Wakefield museum hosts miners' strike anniversary exhibition
A new exhibition to mark the 30th anniversary of the end of the miners' strike has opened.
Work by artist Yvette Vanson will go on show at The National Coal Mining Museum for England, near Wakefield.
The strike, which ran from 5 March 1984 to 3 March 1985, saw tens of thousands of miners walk out in protest at plans to close scores of pits.
A museum spokesperson said the exhibition was intended to "celebrate miners globally".
Gwendolen Whitaker from the museum said the exhibition was "a powerful insight into the real lives of mining communities".
Battle of wills
The exhibition will also screen Ms Vanson's film The Battle for Orgreave.

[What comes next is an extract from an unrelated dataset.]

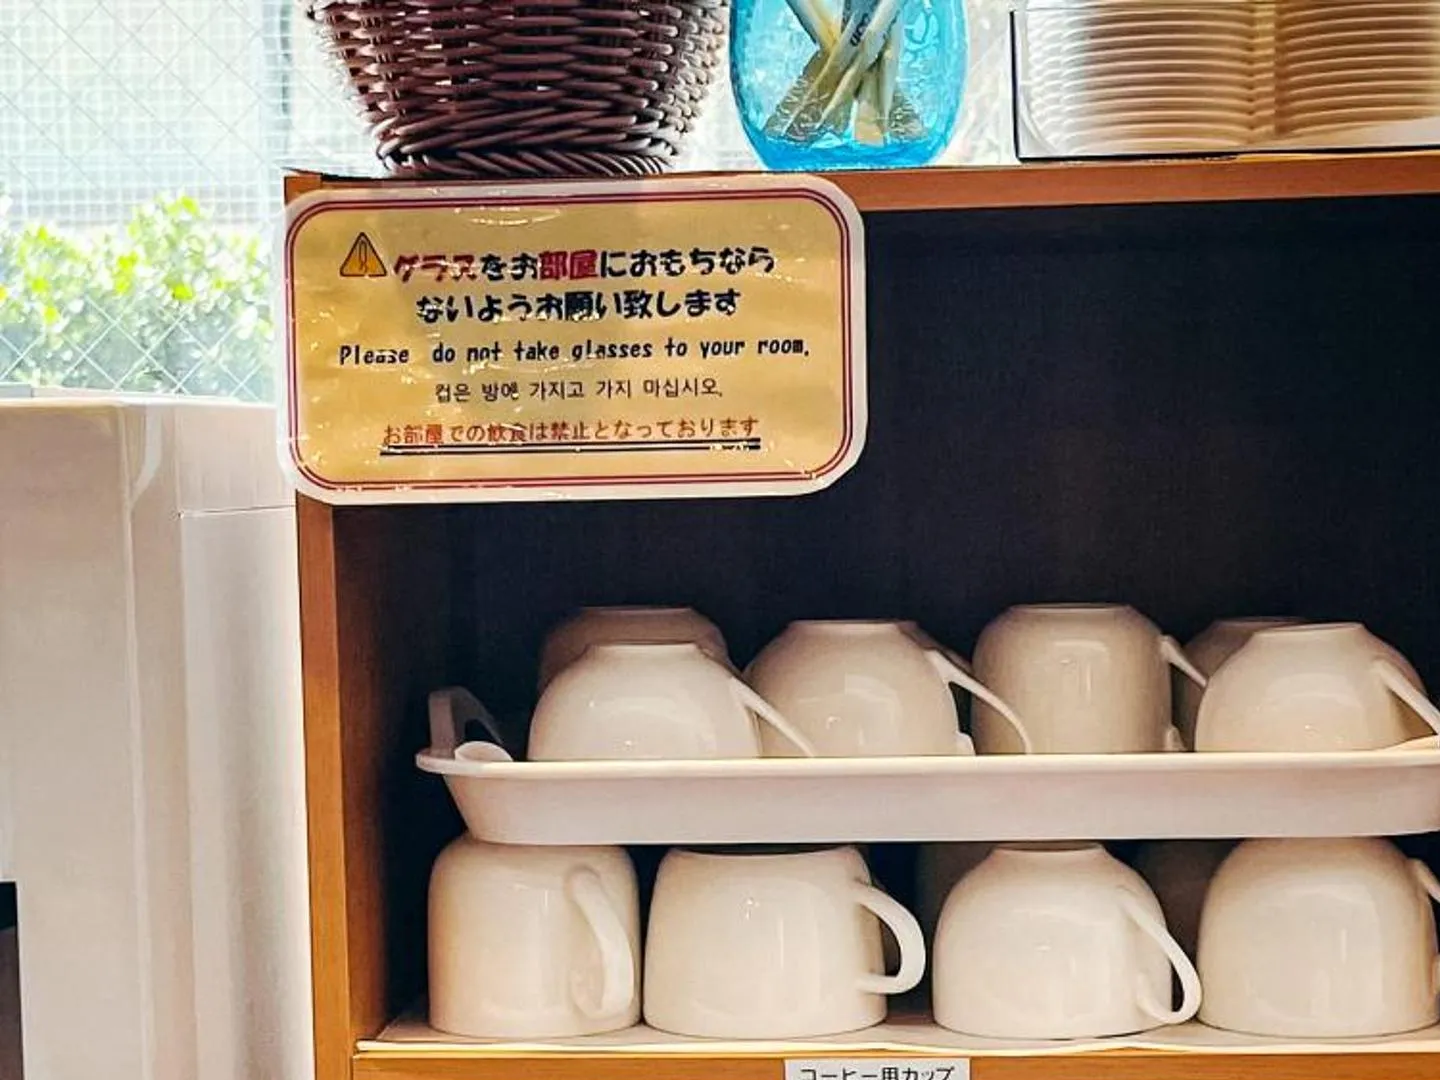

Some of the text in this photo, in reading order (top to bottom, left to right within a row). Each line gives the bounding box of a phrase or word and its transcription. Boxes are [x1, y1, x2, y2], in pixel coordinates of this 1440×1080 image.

On 18 June 1984, British Steel's coking plant at Orgreave, South Yorkshire, saw some of the worst violence.
About 10,000 striking miners clashed with 5,000 police officers, which led to 93 picketers being arrested with 51 picketers and 72 police officers injured, according to South Yorkshire Police.
In 1984 there were 170 working collieries in Britain, employing about 190,000 people.
Now just three deep mines remain, employing about 2,000 people
Two of those mines, Kellingley in Yorkshire and Thoresby in Nottinghamshire, are due to close, leaving just the employee-owned Hatfield Colliery in South Yorkshire.
The National Coal Mining Museum is at Caphouse Colliery, where shafts to work coal date from at least 1789.
By 1985 the colliery's coal was exhausted. It opened as a museum in 1988 and was granted national status in 1995.